Prompt: The lines below, from the one containing "this 1440×960 image." through the one containing "Some of the words", should be set down exactly, with no pictures and nothing else.
--- Task inputs ---
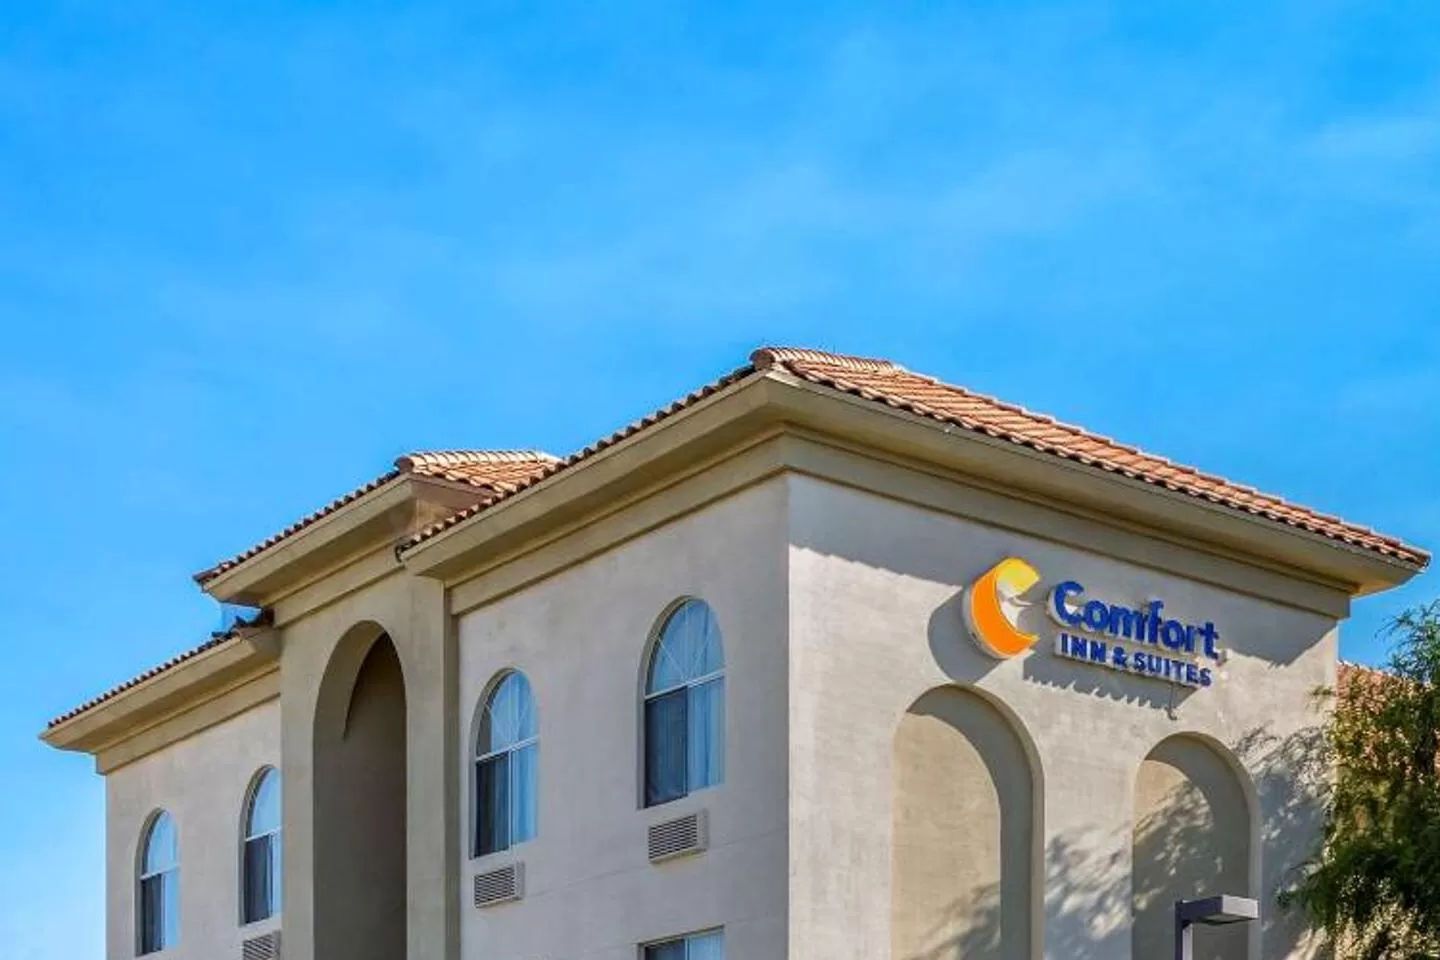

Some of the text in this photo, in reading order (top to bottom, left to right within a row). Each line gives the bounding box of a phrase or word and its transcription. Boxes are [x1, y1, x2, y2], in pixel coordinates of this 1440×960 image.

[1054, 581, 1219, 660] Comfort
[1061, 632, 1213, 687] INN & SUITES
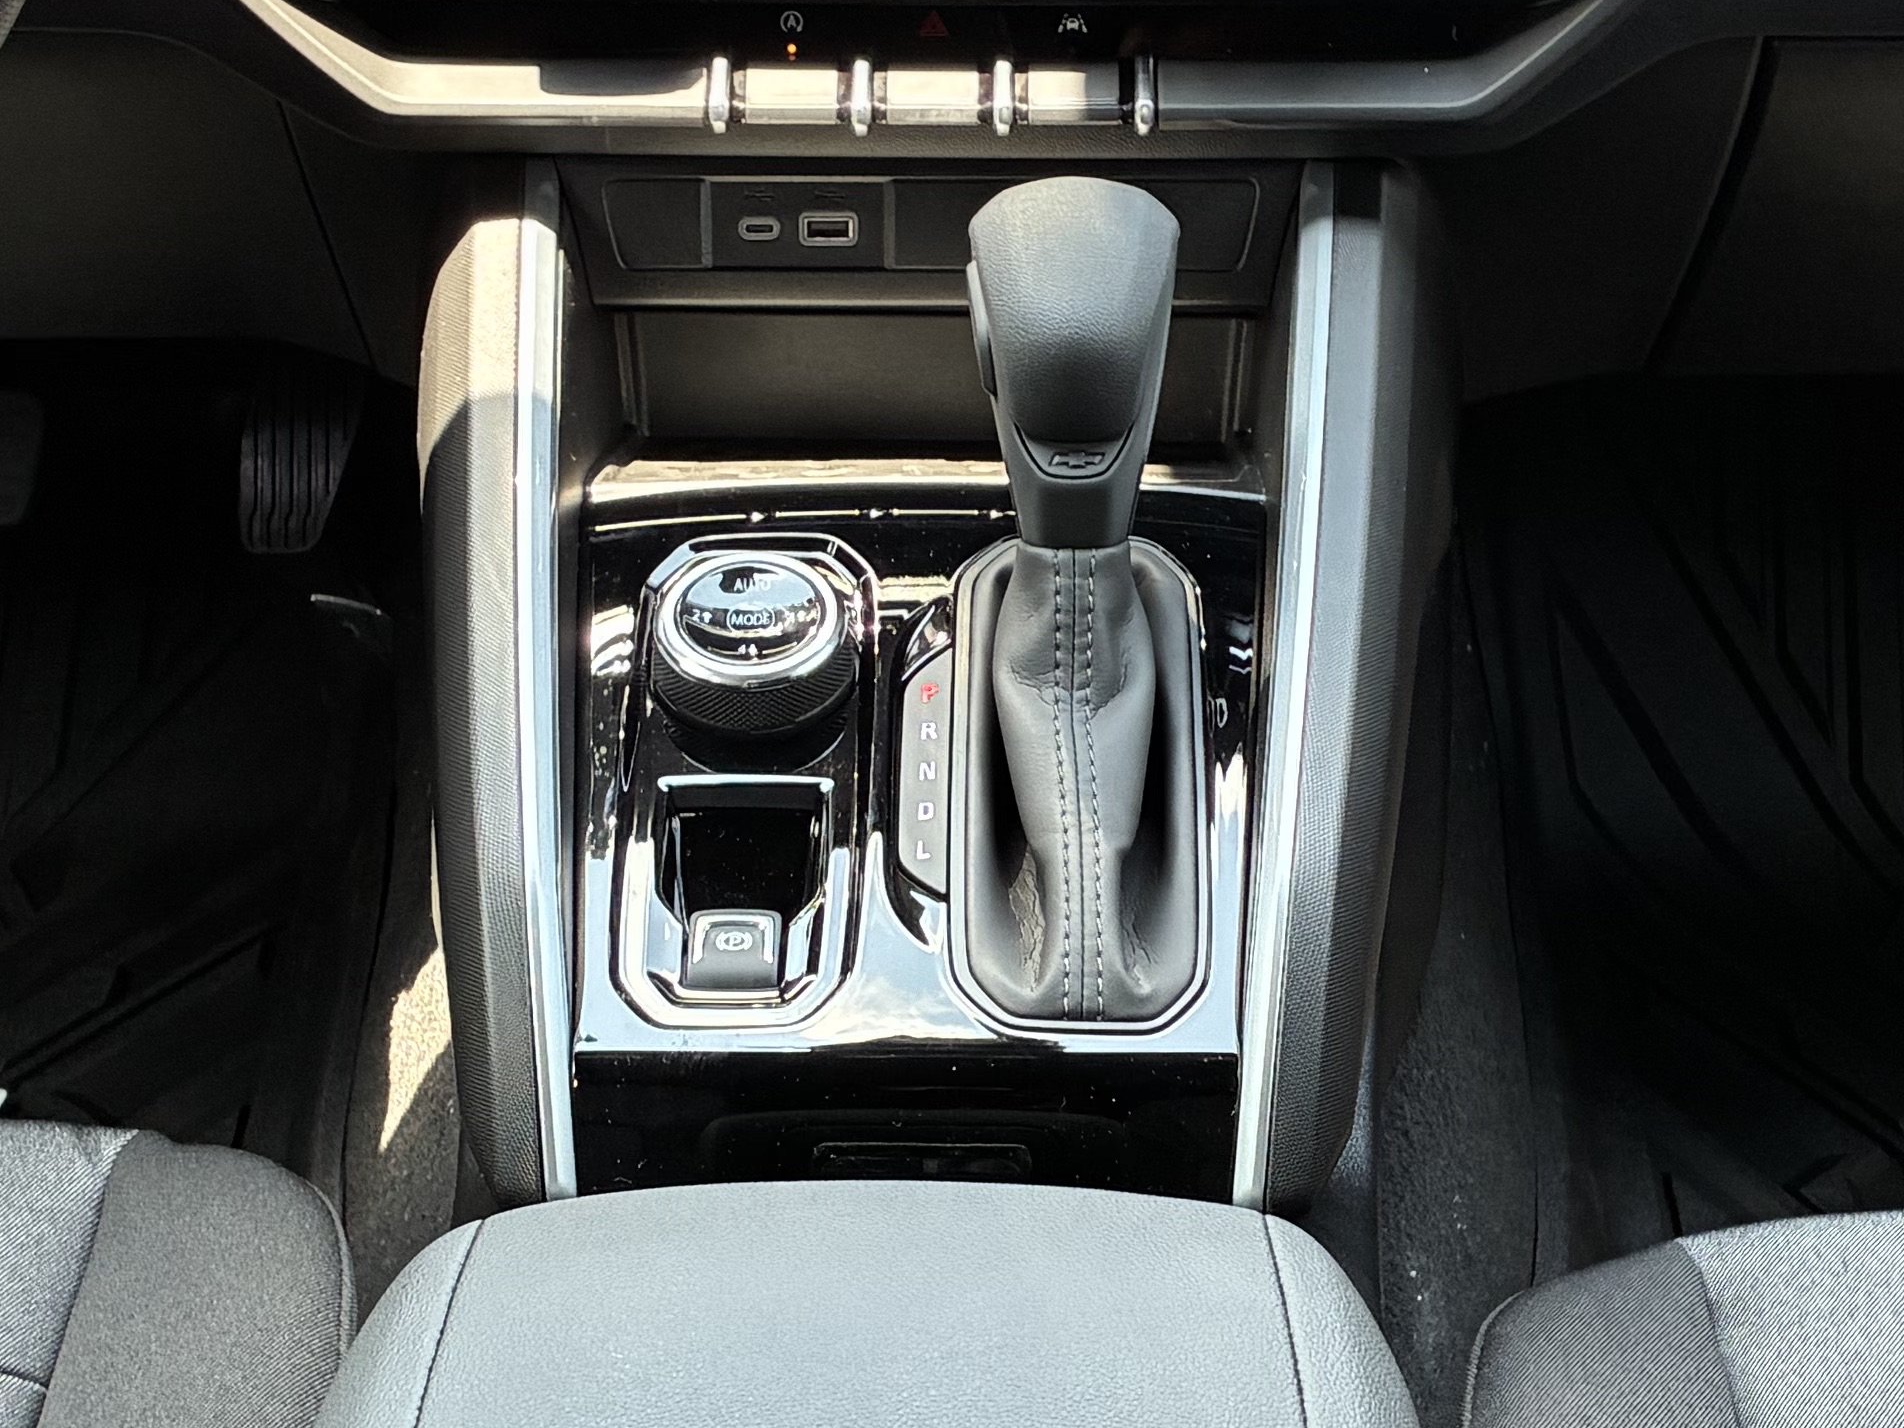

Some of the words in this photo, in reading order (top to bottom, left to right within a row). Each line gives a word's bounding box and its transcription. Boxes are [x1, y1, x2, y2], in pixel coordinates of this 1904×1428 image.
---
--- Task inputs ---
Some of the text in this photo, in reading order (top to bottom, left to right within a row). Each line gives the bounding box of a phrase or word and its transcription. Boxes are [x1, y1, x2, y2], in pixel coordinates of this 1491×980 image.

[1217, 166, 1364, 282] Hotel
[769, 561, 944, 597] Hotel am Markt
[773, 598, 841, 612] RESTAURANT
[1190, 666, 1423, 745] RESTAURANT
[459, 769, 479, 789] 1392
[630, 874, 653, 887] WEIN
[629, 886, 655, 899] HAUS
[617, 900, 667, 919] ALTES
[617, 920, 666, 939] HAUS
---
Output of the task:
Some of the text in this photo, in reading order (top to bottom, left to right within a row). Each line gives the bounding box of a phrase or word and its transcription. Boxes are [x1, y1, x2, y2], in pixel coordinates of this 1440×960 image.

[1054, 581, 1219, 660] Comfort
[1061, 632, 1213, 687] INN & SUITES

Some of the words in this photo, in reading order (top to bottom, left to right within a row). Each line gives a word's bounding box and its transcription. Boxes are [x1, y1, x2, y2], in pixel coordinates of this 1904×1428 image.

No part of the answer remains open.